参院選 「消費税」をめぐる各党の主張を検証しました。

フジテレビ系(FNN) 7月11日(木)19時39分配信
参議院選挙の公示から1週間がたち、選挙戦も熱を帯びてきましたが、その争点の1つ、「消費税増税」を取り上げます。
11日、日銀が国内の景気判断について、2年半ぶりに「回復」の文字を盛り込みました。
この景気の回復とともに、消費税増税が現実味を増す中、各党の主張を検証しました。

6月にオープンした、千葉市内のスーパーマーケット「マルエイ稲毛海岸店」。
同じチェーンのほかの店では、消費税額を含む総額だけを表示しているが、この店では、2014年4月に予定されている消費税率の引き上げを見越して、税抜き価格も表示するようにした。
冷凍食品の場合、税抜き価格は209円、そして、税込み価格が219円といった表示にしている。
マルエイ担当者は「来年上がるかもしれない消費税に対して、客にまず慣れてもらおうと。(増税時に内税だと)『ずいぶん値上げしたな』というイメージを持たれるのではないか」と話した。
1989年に導入された消費税をめぐっては、店によって、総額を示す内税方式と、税抜き価格を示す外税方式に表示方法が分かれていたが、2004年に、内税方式での総額表示が義務づけられた。

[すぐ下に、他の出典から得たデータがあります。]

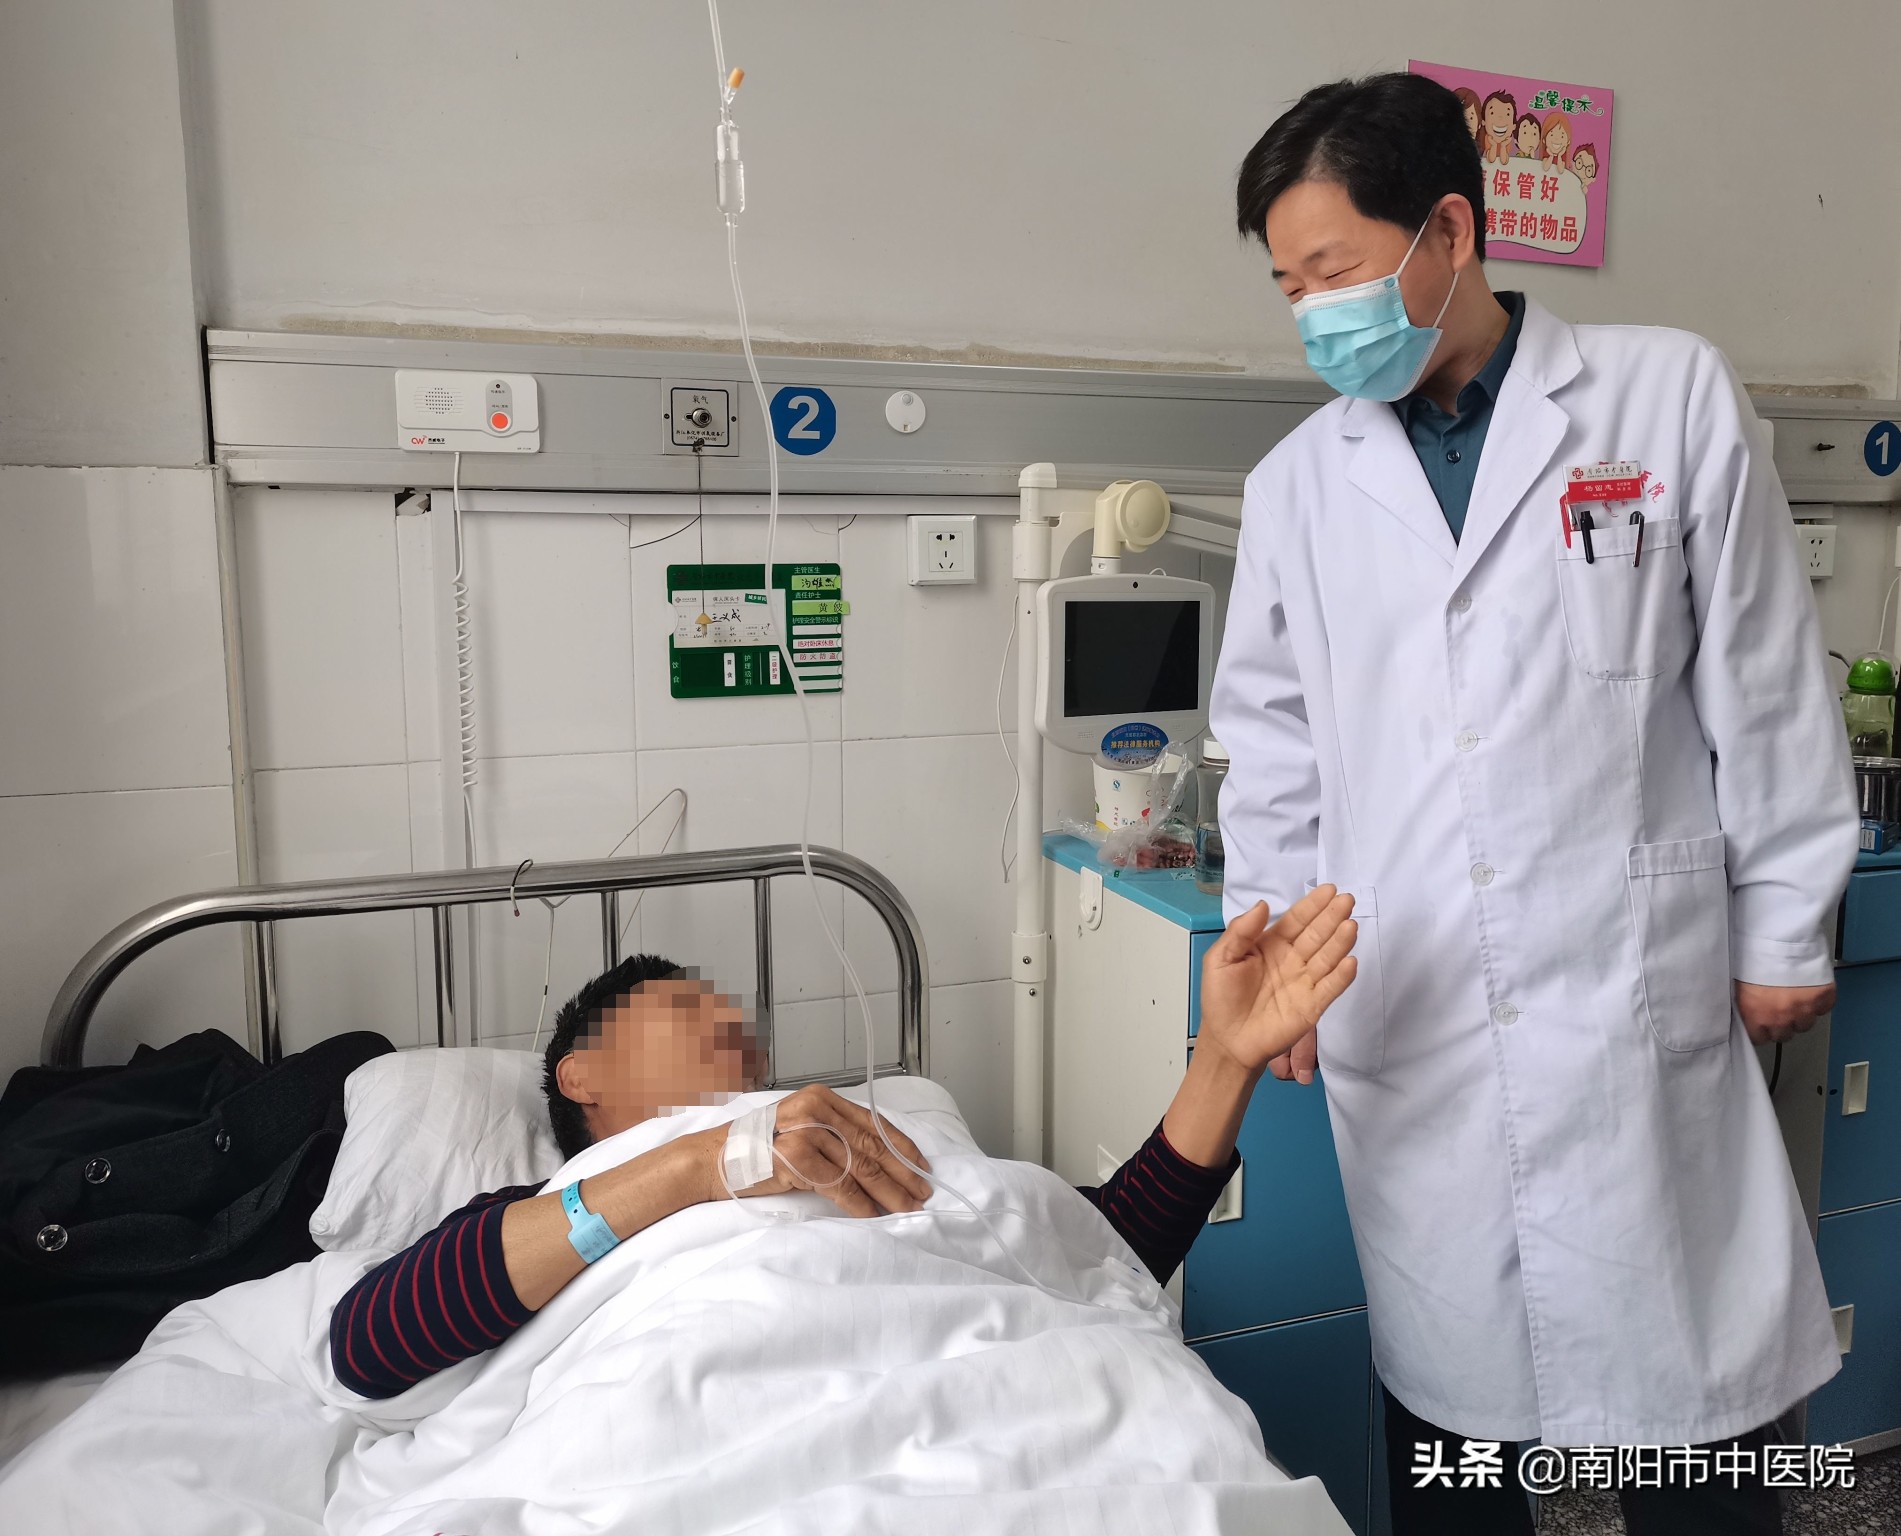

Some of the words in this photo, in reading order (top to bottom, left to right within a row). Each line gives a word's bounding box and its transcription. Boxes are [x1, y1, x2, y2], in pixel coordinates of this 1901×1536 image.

ところが今回、消費税率を引き上げる際には、外税方式の表示も認められることになり、小売店では、どちらにするかの判断が求められる。
かばん店の店主は「客にわかりやすいのは内税なので、そうした方がいいと思うんですけど。(店側としては)外税方式の方が楽です」と話した。

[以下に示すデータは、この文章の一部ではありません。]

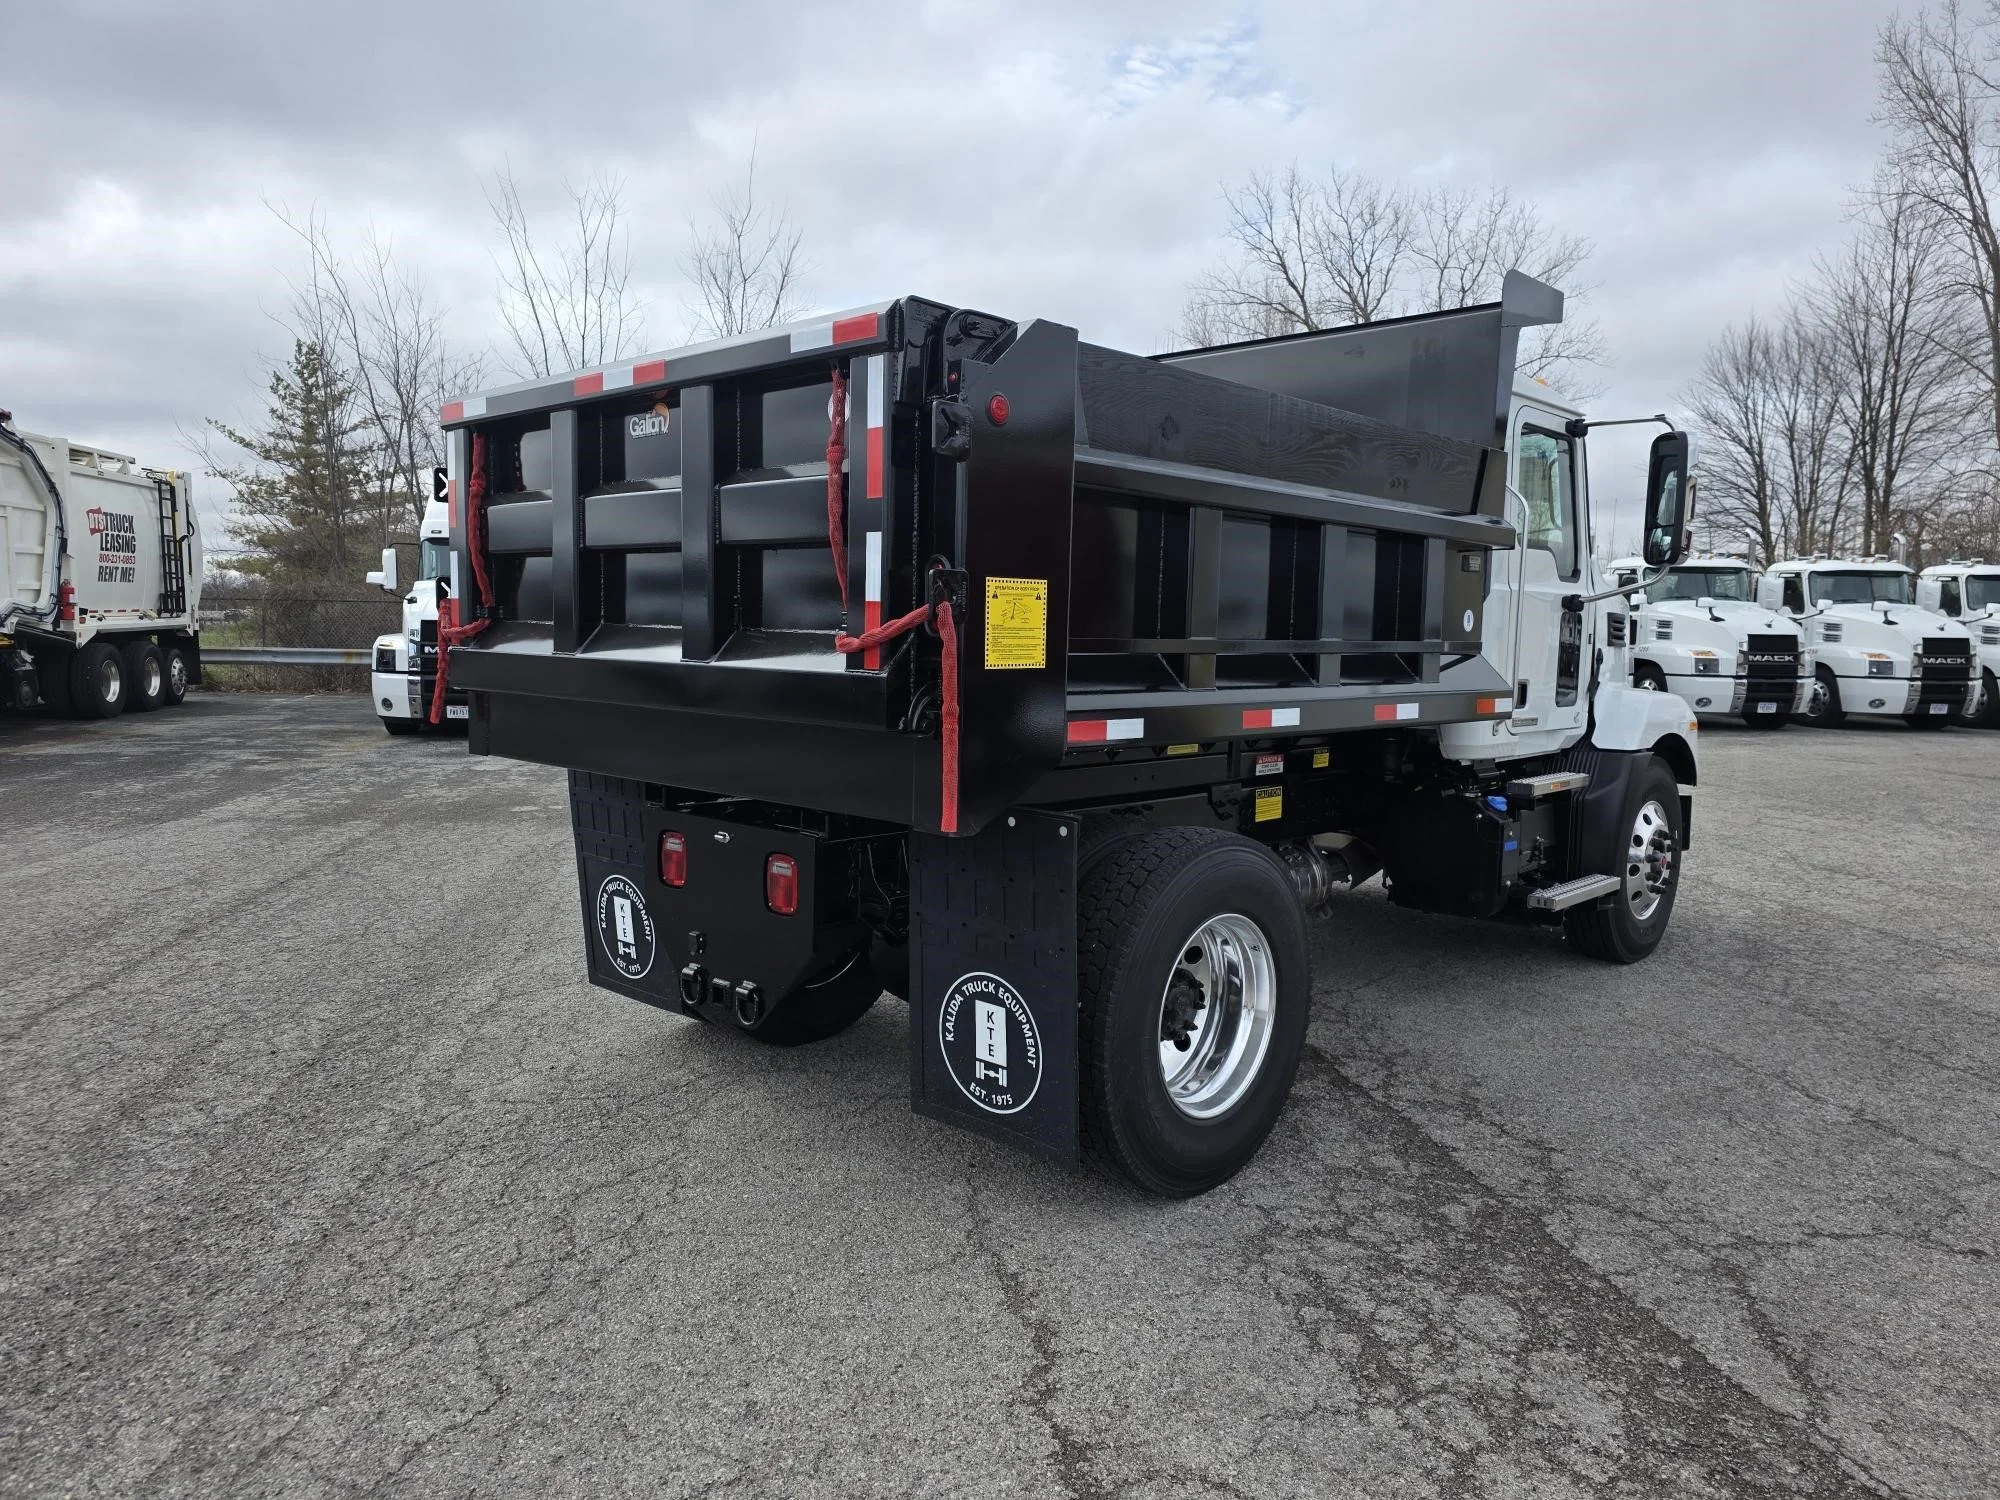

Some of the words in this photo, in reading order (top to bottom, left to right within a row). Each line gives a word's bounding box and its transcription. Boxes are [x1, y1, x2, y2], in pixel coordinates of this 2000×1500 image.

[88, 512, 104, 530] DTS
[103, 512, 134, 534] TRUCK
[100, 532, 136, 553] LEASING
[98, 565, 119, 582] RENT
[120, 567, 135, 583] ME!
[1257, 788, 1281, 799] CAUTION
[600, 892, 609, 929] KALIDA
[605, 881, 625, 894] TRUCK
[625, 885, 652, 942] EQUIPMENT
[616, 957, 628, 971] EST.
[628, 963, 641, 973] 1975
[945, 994, 964, 1042] KALIDA
[961, 980, 996, 997] TRUCK
[998, 986, 1036, 1068] EQUIPMENT
[969, 1082, 989, 1102] EST.
[991, 1094, 1013, 1106] 1975

一方、消費者からは「できれば統一してもらうのが、消費者としてはありがたい」といった声が上がった。
2012年8月、当時の民主党・野田内閣のもとで成立した消費税増税を含む「社会保障と税の一体改革」関連法では、経済状況によっては、引き上げを停止することができる「景気条項」が設けられている。

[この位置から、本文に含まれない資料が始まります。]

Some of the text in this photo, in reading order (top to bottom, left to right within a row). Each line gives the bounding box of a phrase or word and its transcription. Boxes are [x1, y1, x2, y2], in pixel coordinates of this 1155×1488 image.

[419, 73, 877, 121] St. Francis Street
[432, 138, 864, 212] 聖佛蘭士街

その判断の材料とされるのが、8月に発表される2013年4月から6月までの経済成長率。
そうした中、日銀本店で、10日と11日の2日間にわたって行われた金融政策決定会合で、日銀・黒田総裁は「わが国の景気は、緩やかに回復しつつあるということに尽きる」と述べた。
国内の景気判断について、これまでの「持ち直している」という表現から、「緩やかに回復しつつある」という表現に上方修正した。
「回復」という表現が盛り込まれたのは、2年半ぶりのことになる。
これについて、第一生命経済研究所の永濱利廣主席エコノミストは、「このタイミングで日銀が景気の上方修正ということは、4月から6月の経済成長率も高めの数字が出そうだと判断できる。増税の可能性がやや高まったということになるでしょう」と述べた。
2014年4月から消費税率が予定通り引き上げられる可能性が高まる中で行われる、今回の参議院選挙。
東京・品川区の商店街で、消費税増税の是非を投票の判断にするか聞いてみると、すると答えた人は、「大きいじゃない、3%アップするの、大きい買い物するときは」、「日用品とかの税金が増えると、つらい感じはします」などと話した。
投票の判断にしないと答えた人は、「もう(消費増税は)決まったようなものでしょう」と話した。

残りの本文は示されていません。